Actually, she hadn’t seen him. He’d already been under a sheet when she came into Carlisle’s office. She’d seen his hand. She’d never seen his face or the gunshot wounds. She’d asked to take him back home, so Brock and her family could lay him to rest. So, he could be surrounded by love one last time, but Carpenter told her the body had already been taken care of per some legal document they’d found in Finn’s apartment. She hadn’t given a damn about legalities, but everyone told her it had already been done. She’d never gotten to say goodbye. Which is why she had chosen to come here.
“You’re dead.” She had to say that, to get it out in the open and let this ghost confirm it. Only, that didn’t happen.
Finn shook his head and pulled his bottom lip between his teeth in that way that drove her crazy. He took a step forward. She held up a hand and took a step back.
“I’m not dead.” He threw his arms out, stretching his shirt across his hard chest and rounded shoulders.
No, he wasn’t dead, and he was ripped. What the hell had he been doing for the past nine months while she’d been falling to pieces?
“You’re alive? You’ve been here the whole time?” Anger slowly seeped through her veins to replace her shock, and damn, if it didn’t feel good. She hadn’t even felt angry lately, having become that numb.
“Not the whole time.” He gave his head a shake. “I’m at the liberty of the feds. I come and go whenever they let me.”
“You come . . . go,” she muttered. He was alive, and he was coming and going? “What the actual hell is going on here?” That couldn’t be her voice that sounded so strange and snarly. Could it?
Finn’s eyes widened. “I guess I should start at the beginning.” He ran a hand through his hair. Hair that was longer than the last time she’d seen him—the night she'd told him they were just part of the job. The night she’d found him in his apartment with Ronnie. The night she’d been taken off the case, because he had decided to take her place undercover.
“You and Carpenter.” How had she not thought of this? Maybe because she hadn’t had a clear thought in close to a year now, especially when it came to one Finnegan James.
He nodded. “I went to him.”
“And had him take me off the case. You fed him information from inside.”
Another nod.
“But then the agents almost shot Grant and—"
He shook his head, cutting her off. “I thought so. I didn’t know Grant was one of them, one of you.”
“You didn’t save him? They made you sound like a hero and you were here hiding in your damn cabin?” She was yelling now. Her anger had reached a fever pitch, pumping through her veins.
“Gretchen.” Stepping forward, he reached for her.
Before she realized what she intended to do, she lifted her hand and slapped him across his face. His head swung sideways, and she jerked her hand back, squeezing it closed against the searing pain. When he pulled his head around to meet her gaze, his gray eyes were filled with tears.
“Why?” she choked out. Tears rose like a flood in her chest to battle with the myriad of emotions she’d dealt with since his “death”.

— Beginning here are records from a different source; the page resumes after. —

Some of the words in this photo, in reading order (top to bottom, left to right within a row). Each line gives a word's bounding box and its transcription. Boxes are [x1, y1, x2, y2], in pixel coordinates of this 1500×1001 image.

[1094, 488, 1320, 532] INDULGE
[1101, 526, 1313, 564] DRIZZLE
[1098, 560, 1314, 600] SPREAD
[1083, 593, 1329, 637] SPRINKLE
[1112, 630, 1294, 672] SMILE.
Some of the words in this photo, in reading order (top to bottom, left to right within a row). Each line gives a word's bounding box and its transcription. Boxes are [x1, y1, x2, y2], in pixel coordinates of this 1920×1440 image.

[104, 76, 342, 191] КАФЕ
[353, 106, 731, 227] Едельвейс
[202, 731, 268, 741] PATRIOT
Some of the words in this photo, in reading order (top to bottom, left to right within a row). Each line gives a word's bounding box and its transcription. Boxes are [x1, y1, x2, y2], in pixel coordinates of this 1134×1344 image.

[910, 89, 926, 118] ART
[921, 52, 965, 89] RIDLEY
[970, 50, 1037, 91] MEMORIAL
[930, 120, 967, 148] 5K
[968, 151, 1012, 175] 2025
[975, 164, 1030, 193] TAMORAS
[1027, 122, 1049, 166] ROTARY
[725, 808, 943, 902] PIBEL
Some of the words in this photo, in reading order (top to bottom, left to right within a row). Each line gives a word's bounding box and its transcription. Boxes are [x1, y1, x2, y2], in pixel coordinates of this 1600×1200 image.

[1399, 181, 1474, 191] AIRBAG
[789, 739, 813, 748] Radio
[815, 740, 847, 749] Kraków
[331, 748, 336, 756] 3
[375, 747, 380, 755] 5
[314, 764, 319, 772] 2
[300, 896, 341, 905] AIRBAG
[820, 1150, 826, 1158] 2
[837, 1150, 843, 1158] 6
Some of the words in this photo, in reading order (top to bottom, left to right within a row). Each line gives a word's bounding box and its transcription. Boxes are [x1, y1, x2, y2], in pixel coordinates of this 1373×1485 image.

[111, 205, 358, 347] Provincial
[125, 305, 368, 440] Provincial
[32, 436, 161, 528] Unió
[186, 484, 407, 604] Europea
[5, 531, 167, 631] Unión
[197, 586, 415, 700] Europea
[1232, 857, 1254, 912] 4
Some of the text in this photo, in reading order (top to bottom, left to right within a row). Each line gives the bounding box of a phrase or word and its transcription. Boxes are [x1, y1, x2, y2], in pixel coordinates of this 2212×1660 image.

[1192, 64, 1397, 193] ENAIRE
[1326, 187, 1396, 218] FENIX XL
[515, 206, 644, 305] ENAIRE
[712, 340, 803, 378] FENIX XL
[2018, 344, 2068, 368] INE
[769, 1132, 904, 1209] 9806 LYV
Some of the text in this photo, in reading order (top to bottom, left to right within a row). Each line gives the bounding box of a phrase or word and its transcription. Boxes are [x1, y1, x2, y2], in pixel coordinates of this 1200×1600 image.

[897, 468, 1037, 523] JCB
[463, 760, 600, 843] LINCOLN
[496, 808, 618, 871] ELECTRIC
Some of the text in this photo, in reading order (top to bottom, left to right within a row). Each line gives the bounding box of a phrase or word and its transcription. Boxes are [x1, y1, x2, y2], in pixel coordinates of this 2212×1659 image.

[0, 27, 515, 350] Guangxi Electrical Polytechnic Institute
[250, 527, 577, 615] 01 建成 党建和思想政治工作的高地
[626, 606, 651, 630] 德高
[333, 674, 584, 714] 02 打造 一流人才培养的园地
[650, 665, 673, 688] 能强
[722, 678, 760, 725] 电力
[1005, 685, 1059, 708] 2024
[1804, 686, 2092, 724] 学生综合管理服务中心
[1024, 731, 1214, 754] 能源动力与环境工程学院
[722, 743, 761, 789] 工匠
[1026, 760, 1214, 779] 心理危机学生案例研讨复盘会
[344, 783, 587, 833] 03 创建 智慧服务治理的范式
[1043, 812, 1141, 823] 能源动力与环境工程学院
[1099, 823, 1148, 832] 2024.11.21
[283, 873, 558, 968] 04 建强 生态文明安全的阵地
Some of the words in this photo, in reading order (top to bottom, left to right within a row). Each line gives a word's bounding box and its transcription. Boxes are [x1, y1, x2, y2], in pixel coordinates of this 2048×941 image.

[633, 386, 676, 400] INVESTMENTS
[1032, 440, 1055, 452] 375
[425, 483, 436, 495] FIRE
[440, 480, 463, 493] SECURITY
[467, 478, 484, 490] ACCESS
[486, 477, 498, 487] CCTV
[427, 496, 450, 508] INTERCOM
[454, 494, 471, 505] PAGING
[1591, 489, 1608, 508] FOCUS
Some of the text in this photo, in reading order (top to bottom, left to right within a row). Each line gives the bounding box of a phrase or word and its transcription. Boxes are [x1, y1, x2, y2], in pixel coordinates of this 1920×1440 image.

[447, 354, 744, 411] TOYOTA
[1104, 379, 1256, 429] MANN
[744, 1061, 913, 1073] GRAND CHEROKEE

“Why would you do this to me?” Tears spilled over her lids, sliding down her face. “I thought you were gone. I thought I’d never see you again, and the last thing I said to you was I didn’t love you.”
“I knew you were lying.” His own cheeks were wet now.
She’d never seen Finn James cry before, not as a battered and neglected child nor as a man mourning his mother. Tears now fell unheeded down his cheeks.
“Like the lies you told me? Was everything a lie?”
Carpenter had lied to her. Grant had lied to her. The one thing she had thought she knew for sure was her misery.
He shook his head, and this time he pushed forward despite her evasions. He grabbed her biceps and pulled her close. “I did lie, and I’d do it again to save you from Carlisle and Ronnie and that world. But don’t you for one damn minute think I lied about the way I felt about you, the way I feel about you.”
“Then why? Why wouldn’t you tell me? Why wouldn’t you let me help you? I would have done anything you needed. I—”
“I needed to die.”
His words stopped her cold. He needed to die? She understood that, didn’t she? Isn’t that why she was here?
“You want to die?” She swallowed the words down. He couldn’t want to die now, not when she’d found a reason to live.
“God no.”
He squeezed her arms until they hurt. She didn’t pull away. This was a pain she understood, this was a pain she could end, and it was so much better than the pain she’d been dealing with for months.
“Jay Finley had to die,” he explained. “He wouldn’t be allowed to live if anyone found out what I’d done.”
“You said you weren’t a snitch.” She remembered the day she’d revealed her true reason for being in the club. He’d promised to protect her. He’d said she could trust him with her life.
A muscle in his jaw twitched. “I’m not. They crossed a line when they came after you.”
“They?”
“Ronnie, but Carlisle always knew what Ronnie did. If you had stayed, she would’ve killed you, and he would’ve allowed it. If that had happened, I would’ve killed them both, Gretchen. I did what I could to save us all.” A battle raged in his gray eyes between honor and vengeance, love and hate.
“I’m sorry.” He finally told her, when it seemed neither of them would speak. “Please, tell me you’ll be able to forgive me. I killed Jay, so I could be free to spend my life with you. I’d still do it again to save you, but it would be so much better, if you’d agree to love me again.”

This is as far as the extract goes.